Summary of Baseline Model Insights

The model performs moderately well for a first attempt, achieving an R² of 0.68. Transaction frequency (Total_Trans_Ct) is one of the strongest predictors of spending. Certain behavioral and demographic features also play an important role, while others have minimal impact. This baseline establishes a solid foundation for future model improvements such as polynomial features, regularization, or tree-based models.

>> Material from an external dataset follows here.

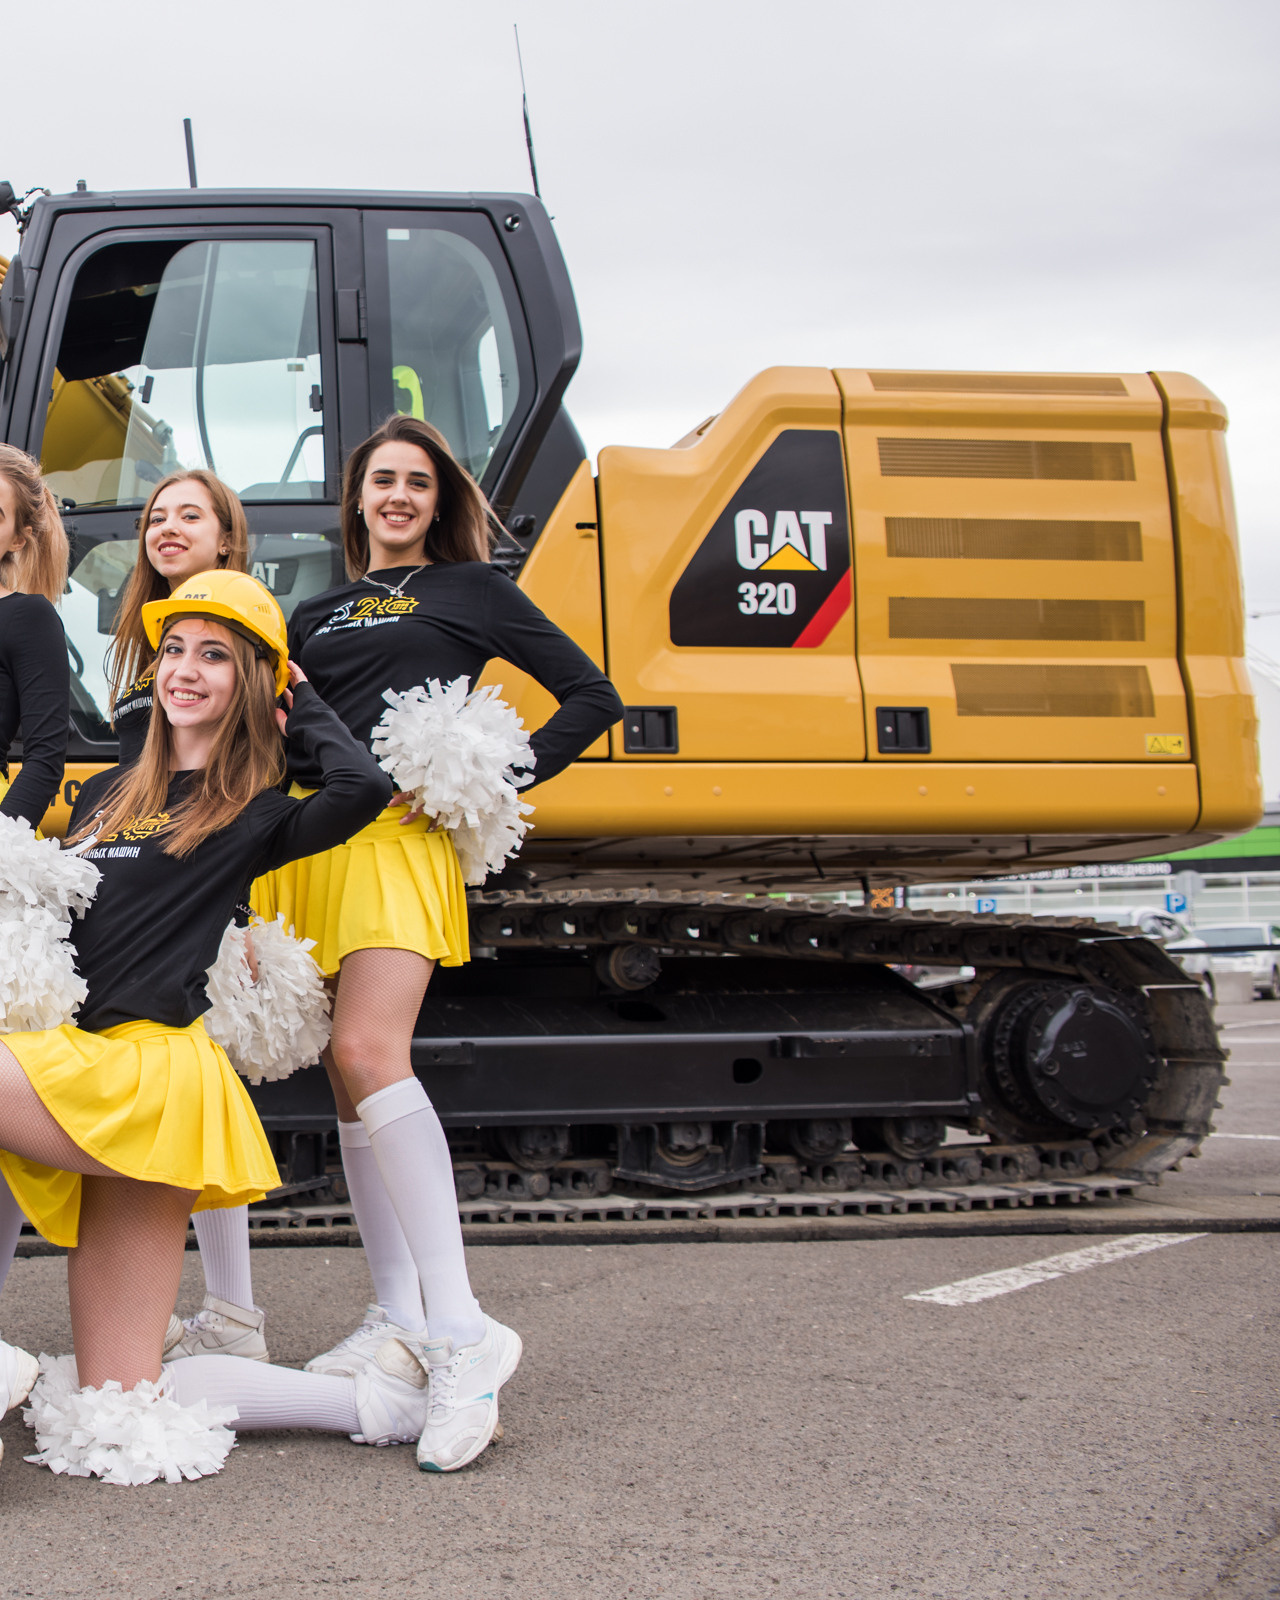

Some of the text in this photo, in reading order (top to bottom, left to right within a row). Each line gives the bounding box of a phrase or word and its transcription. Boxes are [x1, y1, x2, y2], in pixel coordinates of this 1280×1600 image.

[734, 509, 833, 572] CAT
[251, 562, 280, 590] AT
[737, 582, 797, 616] 320
[81, 846, 141, 859] МНЫХ МАШИН

Part 3 — Feature Engineering (Summary)

This section focuses on creating new informative features through scaling, transformation, and clustering, as required in the assignment.

Feature Scaling

Selected behavioral and financial variables (Total_Trans_Ct, Total_Revolving_Bal, Avg_Utilization_Ratio, Total_Relationship_Count, Credit_Limit) were standardized using StandardScaler, as required for clustering algorithms.

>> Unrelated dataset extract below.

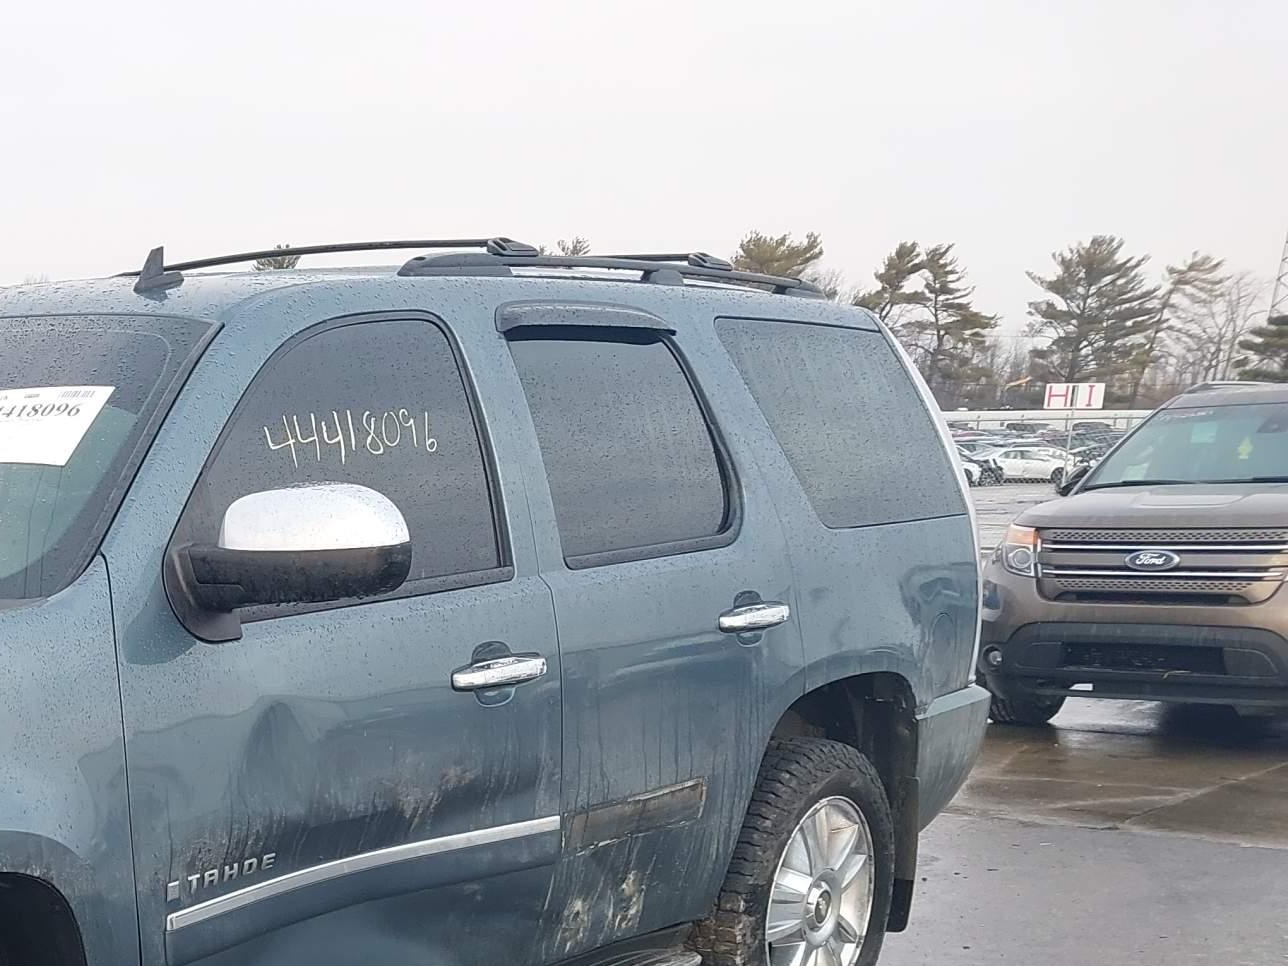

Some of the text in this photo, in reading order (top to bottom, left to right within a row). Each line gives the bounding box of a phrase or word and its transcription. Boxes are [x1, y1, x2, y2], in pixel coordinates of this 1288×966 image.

[264, 408, 438, 469] 44418096
[1135, 553, 1166, 564] Ford
[187, 853, 276, 894] TAHOE

Clustering Model (Required Feature Engineering Step)

A K-Means model with 4 clusters was trained on the scaled features. Two new features were created as required: Cluster_ID — the cluster assignment for each customer Dist_To_Centroid — distance from each sample to its closest cluster center (measures typicality) Cluster_ID was then one-hot encoded, making the clustering results usable in downstream supervised models.

PCA Visualization

PCA Visualization PCA was applied to reduce the scaled feature space to 2 components, enabling a clear visualization of the four customer segments and validating the clustering structure.

  • Cluster Interpretation Cluster-level mean statistics were computed to profile each customer segment and understand behavioral differences relevant to transaction patterns.

  • Outcome All required elements of Part 4 were completed: scaling, feature creation, categorical encoding, clustering-based feature engineering, PCA visualization, and segment interpretation.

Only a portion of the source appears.